(Provided information Opens)

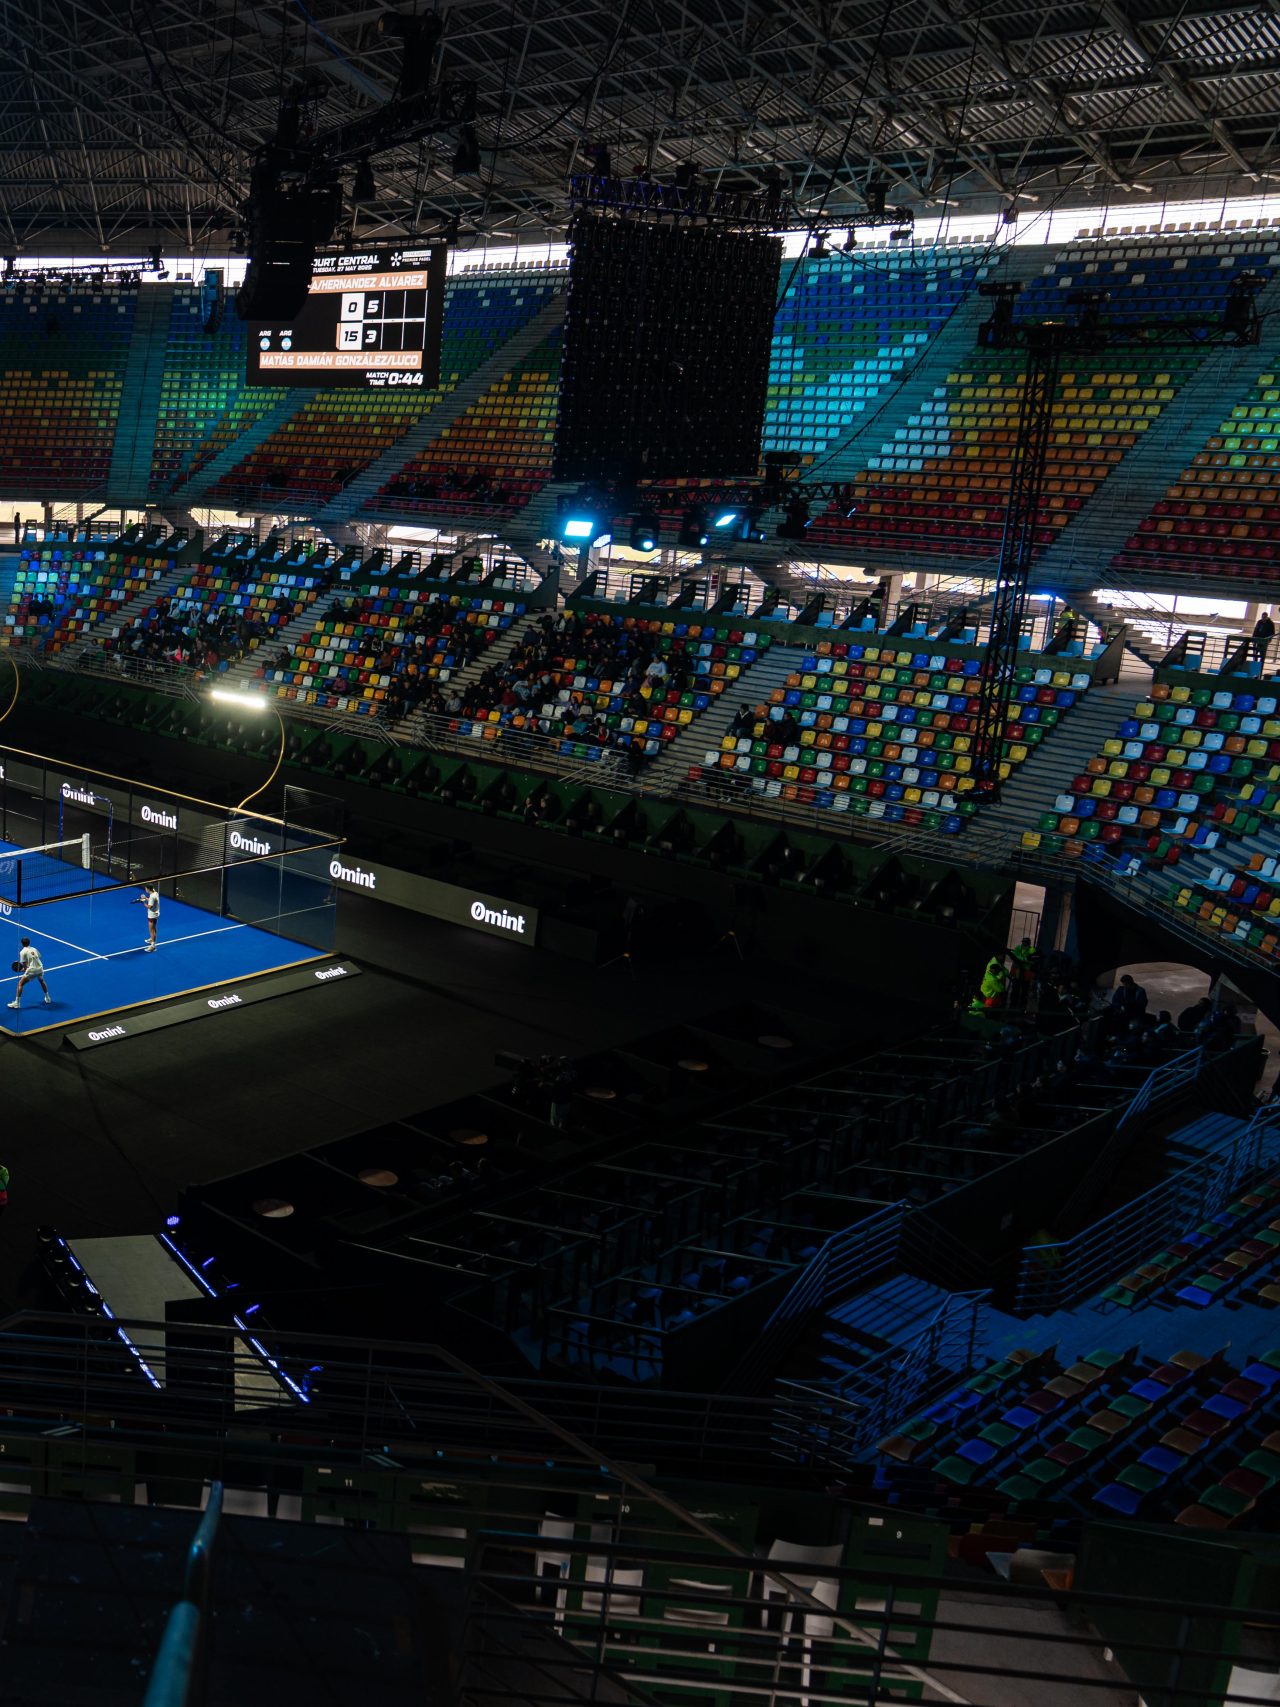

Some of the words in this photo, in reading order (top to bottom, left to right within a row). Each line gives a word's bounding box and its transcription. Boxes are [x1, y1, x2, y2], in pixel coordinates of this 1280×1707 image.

[312, 258, 336, 266] OURT
[338, 255, 380, 265] CENTRAL
[379, 274, 424, 288] ALVAREZ
[348, 302, 358, 312] 0
[367, 300, 379, 313] 5
[344, 331, 358, 341] 15
[365, 330, 377, 343] 3
[261, 352, 294, 366] MATÍAS
[297, 352, 333, 366] DAMIÁN
[335, 352, 418, 366] GONZÁLEZ/LUCO
[388, 372, 423, 385] 0:44
[344, 1478, 353, 1487] 11
[621, 1504, 630, 1513] 10

(Provided information Closes)

What you are asked to do -> Would you copy every entry exactly as it stands, leaving out the pictures?

Exercise output ->
Some of the words in this photo, in reading order (top to bottom, left to right within a row). Each line gives a word's bounding box and its transcription. Boxes are [x1, y1, x2, y2], in pixel coordinates of this 1280×1707 image.

[312, 258, 336, 266] OURT
[338, 255, 380, 265] CENTRAL
[379, 274, 424, 288] ALVAREZ
[348, 302, 358, 312] 0
[367, 300, 379, 313] 5
[344, 331, 358, 341] 15
[365, 330, 377, 343] 3
[261, 352, 294, 366] MATÍAS
[297, 352, 333, 366] DAMIÁN
[335, 352, 418, 366] GONZÁLEZ/LUCO
[388, 372, 423, 385] 0:44
[344, 1478, 353, 1487] 11
[621, 1504, 630, 1513] 10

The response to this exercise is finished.